Results and Analysis
At the end of the preprocessing stage, a data set with 513 highly abundant miRNAs was obtained after removing miRNAs with less than 50 read counts across all samples. Considering the cut-off significance value as 0.05 and fold change (log2) as 1, the number of features were reduced up to 228. With the AUC analysis we further reduced the number of miRNAs and at the end of the statistical analysis, we identified 219 miRNAs as a set of highly expressed miRNAs. From the univariate feature selection method, we identified 50 miRNAs which have a significance relationship with class value. We identified 14 common miRNAs from two sets of miRNAs selected from PCA and random forest analysis. They are hsa-miR-186-5p, hsa-miR-144-3p, hsa-miR-151a-3p, hsa-miR-99b-5p, hsa-miR-98, hsa-miR-148a-3p, hsa-let-7g-5p, hsa-let-7f-5p, hsa-let-7a-5p, hsa-miR-30d-5p, hsa-miR-15a-5p, hsa-miR-589-5p, hsa-miR-144-5p, and hsa-let-7f-5p. We used heat maps for making a judgement on the correlation of each features obtained from previously mentioned two methods. Figure 2 and Figure 3 show how different features obtained from PCA and Random Forest analysis, are correlated. With the help of the heat maps, we decided to use 36 less correlated features for further analysis using correlation coefficients. Out of the different machine learning algorithms which we modelled for our initial data set, we identified the three most accurate algorithms namely, Support Vector Machine, Logistic Regression and Random Forest. For the data set with the 36 miRNAs, we calculated classification accuracy using those three models by varying the correlation coefficients. For each model we identified a correlation coefficient which gave the highest accuracy. Fig. 4 shows the plots with correlation coefficient against the classification accuracy of three models The three correlation coefficients were 0.9975, 0.5875 and 0.5300 for SVM, Logistic Regression and Random Forest respectively. Using those 3 correlation coefficients, three sub sets of miRNAs were obtained from the earlier used 36. As we calculated classification accuracy for the previously mentioned three subsets, we identified 11 miRNAs which provided the highest classification accuracy. They are, hsa-miR-4781-3p, brain-miR-112, hsa-let-7a-5p, hsa-miR-148b-5p, hsa-miR-29b-3p, brain-miR-431, hsa-miR-378a-5p, hsa-miR-548h-5p, hsa-miR-3909, hsa-miR-625-5p, and hsa-miR-24-3p.

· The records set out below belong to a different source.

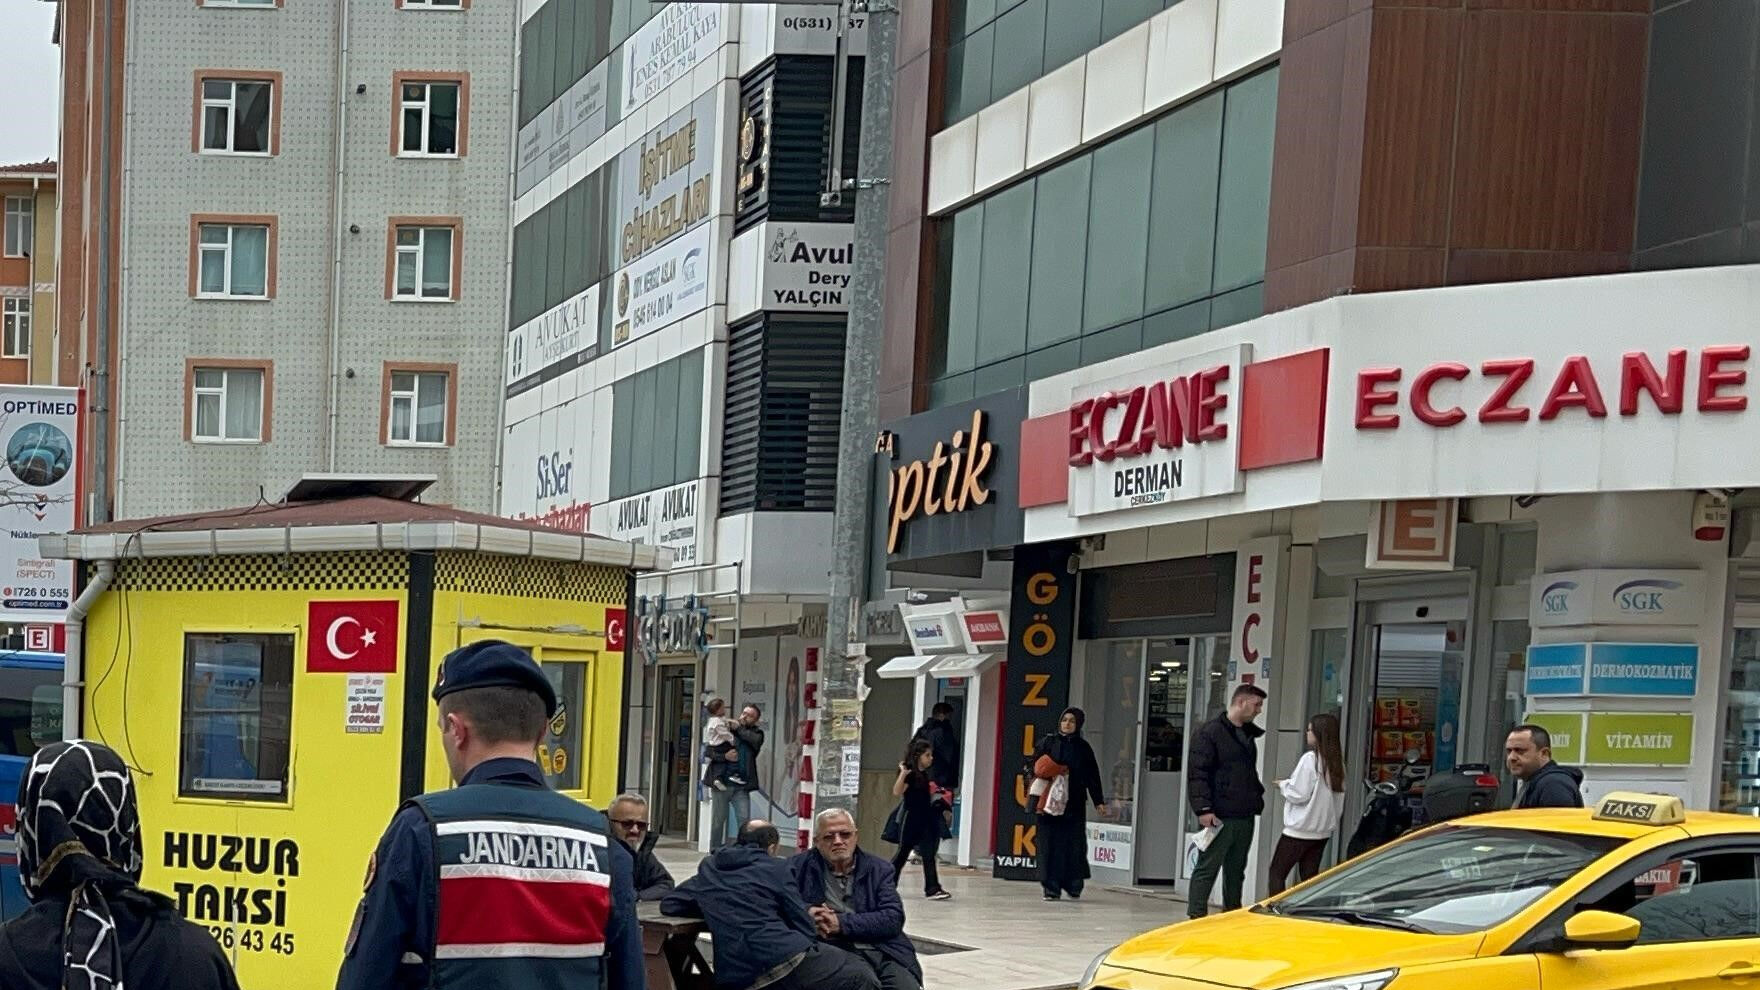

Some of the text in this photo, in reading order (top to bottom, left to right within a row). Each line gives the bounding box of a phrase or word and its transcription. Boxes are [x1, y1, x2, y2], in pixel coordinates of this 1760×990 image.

[651, 6, 701, 56] ARABULUCU
[784, 17, 832, 31] 0(531)
[635, 11, 717, 88] ENES KEMAL KAYA
[638, 119, 697, 201] İŞİTME
[622, 172, 711, 263] CİHAZLARI
[774, 290, 842, 308] YALÇIN
[535, 294, 589, 349] AVUKAT
[1355, 345, 1750, 429] ECZANE
[4, 400, 77, 415] OPTİMED
[1069, 365, 1229, 467] ECZANE
[887, 409, 992, 555] ptik
[1114, 459, 1183, 498] DERMAN
[617, 496, 650, 532] AVUKAT
[662, 484, 696, 523] AVUKAT
[16, 569, 55, 579] (SPECT)
[49, 588, 69, 598] 555
[1545, 594, 1569, 612] SGK
[1620, 593, 1664, 611] SGK
[32, 631, 44, 646] E
[970, 624, 1001, 633] AKBANK
[1592, 662, 1694, 680] DERMOKOZMATİK
[1606, 732, 1673, 748] VİTAMİN
[164, 831, 299, 876] HUZUR
[459, 832, 600, 872] JANDARMA
[1094, 847, 1116, 863] LENS
[173, 878, 286, 927] TAKSİ
[207, 925, 295, 955] 26 43 45

In this report we have discussed about how to detect miRNA biomarkers for Alzheimer’s disease using next generation sequencing. Initially we have discussed about the need of a solution to identify Alzheimer’s disease in the early stage. Then we have mentioned about the literature review we have done. When we were doing the literature review, we have identified several miRNA biomarkers in different studies which used NGS. In these studies there were some limitations. In our approach so far, initially we have taken samples from participants with AD and control. Then samples were preprocessed and statistically analyzed. Significance values were calculated using Wilcoxon-Mann-Whitney (WMW) test. Also we have used ROC analysis. Using this procedure, here we have identified a set of significant miRNAs for AD. Using PCA, Random Forests and Correlation coefficient we identified 25 biomarker miRNAs for AD. In the next phase we validated the the result using HMDD v3.2. Leidinger et al., who have carried out a different method to find biomarkers using the same data set, have stated that they have obtained an accuracy of 93.3\% where we obtained an accuracy of 95.24\%. Addition to that we evaluated the results with specificity, sensitivity and AUC values as discussed previously. In addition to diagnosis of AD patients with the final set of biomarkers, the followed methodology can be used to identify different cures for other neurological diseases including AD, by effortlessly analyzing various data sets.